The Level of Certainty for a hypothesis test is often indicated with a different term called the Level of Significance also known as α (alpha). The relationship between the Level of Certainty and α is the following:

α = 1 – Level of Certainty

An alpha that is set to 0.05 indicates that a hypothesis test requires a Level of Certainty of 95 percent that the sample came from a different population to be reached before the Null Hypothesis is rejected.

 

Region of Acceptance

A Hypothesis Test of Mean or Proportion can be performed if the Test Statistic is distributed according to the normal distribution or the t-Distribution. The Test Statistic is derived directly from the sample statistic such as the sample mean. If the Test Statistic is distributed according to the normal or t-Distribution, then the sample statistic is also distributed according to normal or t-Distribution. This will be discussed is greater detail shortly.

A Hypothesis Test of Mean or Proportion can be understood much more intuitively by mapping the sample statistic (the sample mean or proportion) to its own unique normal or t-Distribution. The sample statistic is the distributed variable whose distribution is mapped according its own unique normal or t-Distribution.

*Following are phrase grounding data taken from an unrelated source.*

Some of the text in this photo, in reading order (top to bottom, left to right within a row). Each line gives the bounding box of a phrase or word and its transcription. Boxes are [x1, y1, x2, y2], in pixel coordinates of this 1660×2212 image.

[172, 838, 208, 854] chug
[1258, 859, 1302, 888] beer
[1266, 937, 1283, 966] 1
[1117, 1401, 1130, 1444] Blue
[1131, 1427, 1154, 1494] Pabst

The Region of Acceptance is the percentage of area under this normal or t-Distribution curve that equals the test’s specified Level of Certainty. If the hypothesis test requires 95 percent in order to reject the Null Hypothesis, the Region of Acceptance will include 95 percent of the total area under the distributed variable’s mapped normal or t-Distribution curve.

If the observed value of the sample statistic (the observed mean or proportion of the single sample taken) falls inside of the Region of Acceptance, the Null Hypothesis is not rejected. If the observed value of the sample statistic falls outside of the Region of Acceptance (into the Region of Rejection), the Null Hypothesis is rejected.

 

Region of Rejection

The Region of Rejection is the percentage of area under this normal or t-Distribution curve that equals the test’s specified Level of Significance (alpha). It is important to remember the following relationship:

Level of Significance (alpha) = 1 – Level of Certainty.

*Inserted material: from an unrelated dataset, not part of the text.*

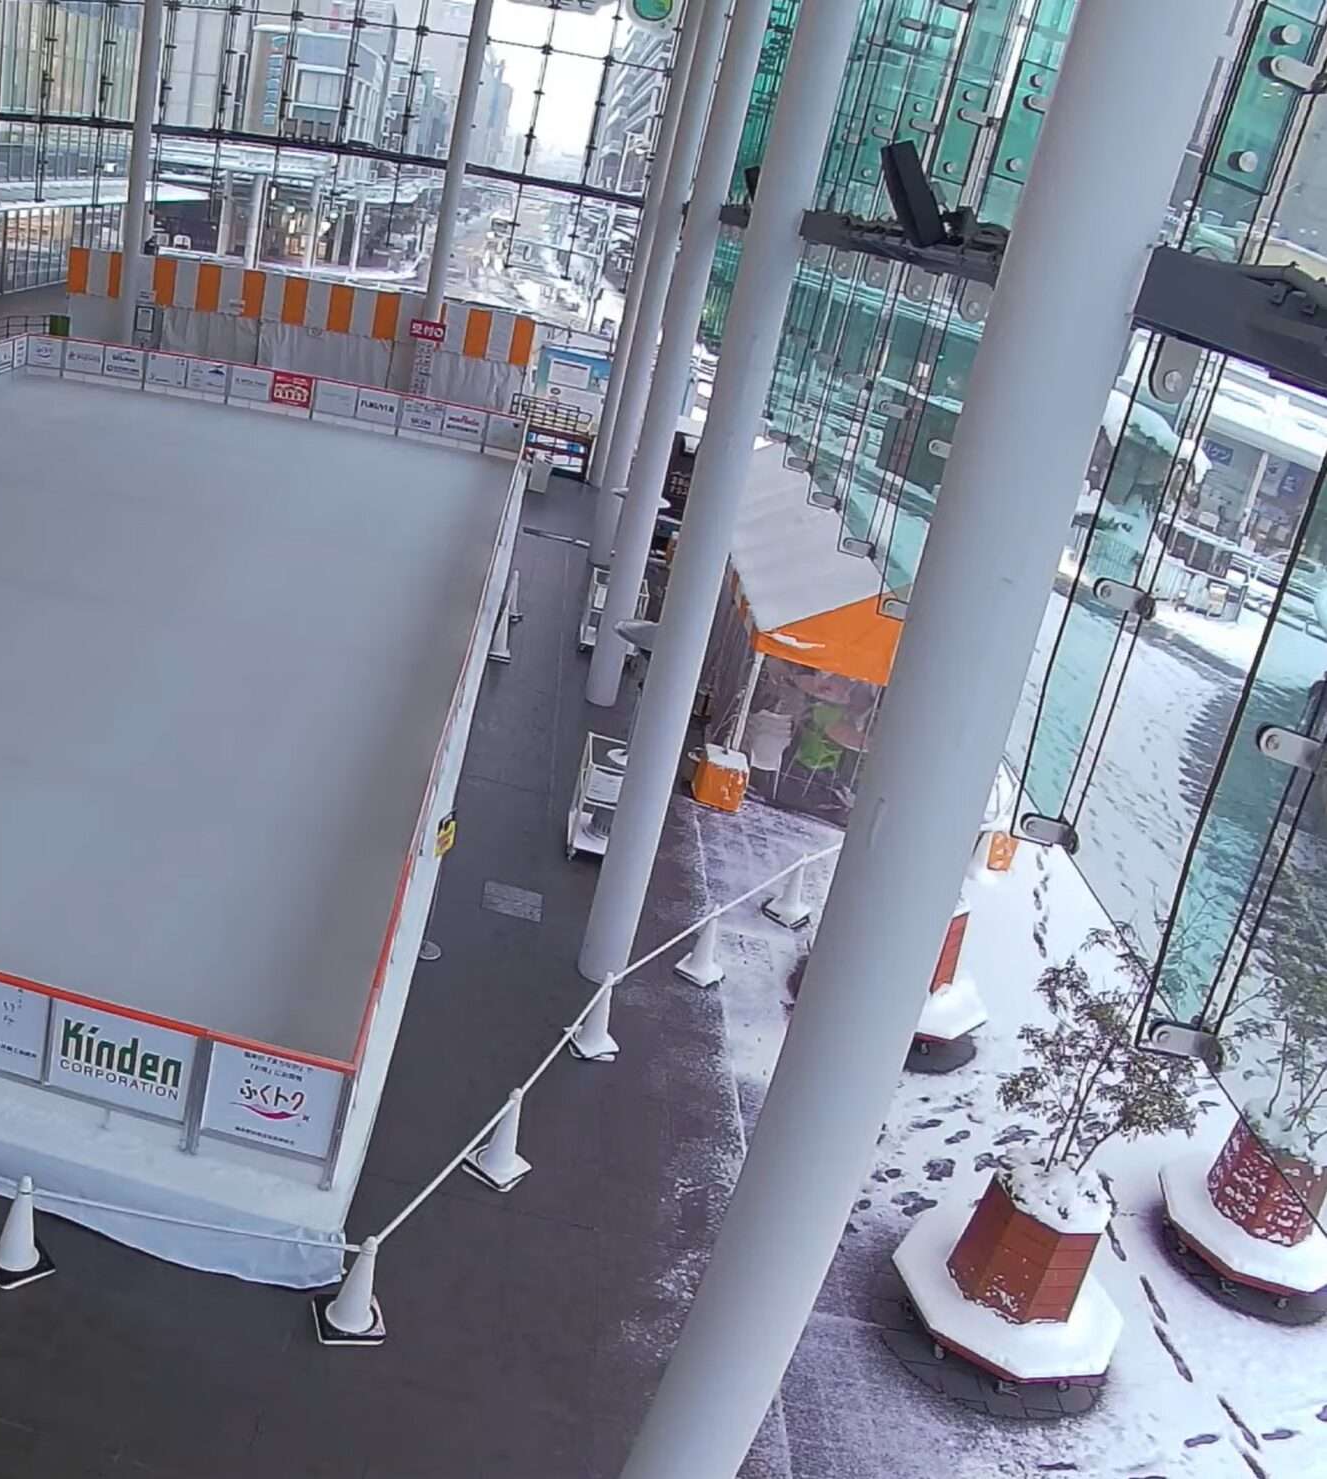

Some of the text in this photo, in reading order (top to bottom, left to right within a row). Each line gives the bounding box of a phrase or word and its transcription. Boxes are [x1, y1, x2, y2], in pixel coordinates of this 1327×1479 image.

[60, 1017, 182, 1089] Kinden
[59, 1059, 180, 1101] CORPORATION
[240, 1078, 305, 1112] ふくトク

If the required Level of Certainty to reject the Null Hypothesis is 95 percent, then the following are true:

Level of Certainty = 0.95

Level of Significance (alpha) = 0.05

The Region of Acceptance includes 95 percent of the total area under the normal or t-Distribution curve that maps the distributed variable, which is the sample statistic (the sample mean or proportion).

The Region of Rejection includes 5 percent of the total area under the normal or t-Distribution curve that maps the distributed variable, which is the sample statistic (the sample mean or proportion). The 5-percent alpha region is entirely contained in one of the tails if the test is a one-tailed test. The 5-percent alpha region is split between both of the outer tails if the test is a one-tailed test.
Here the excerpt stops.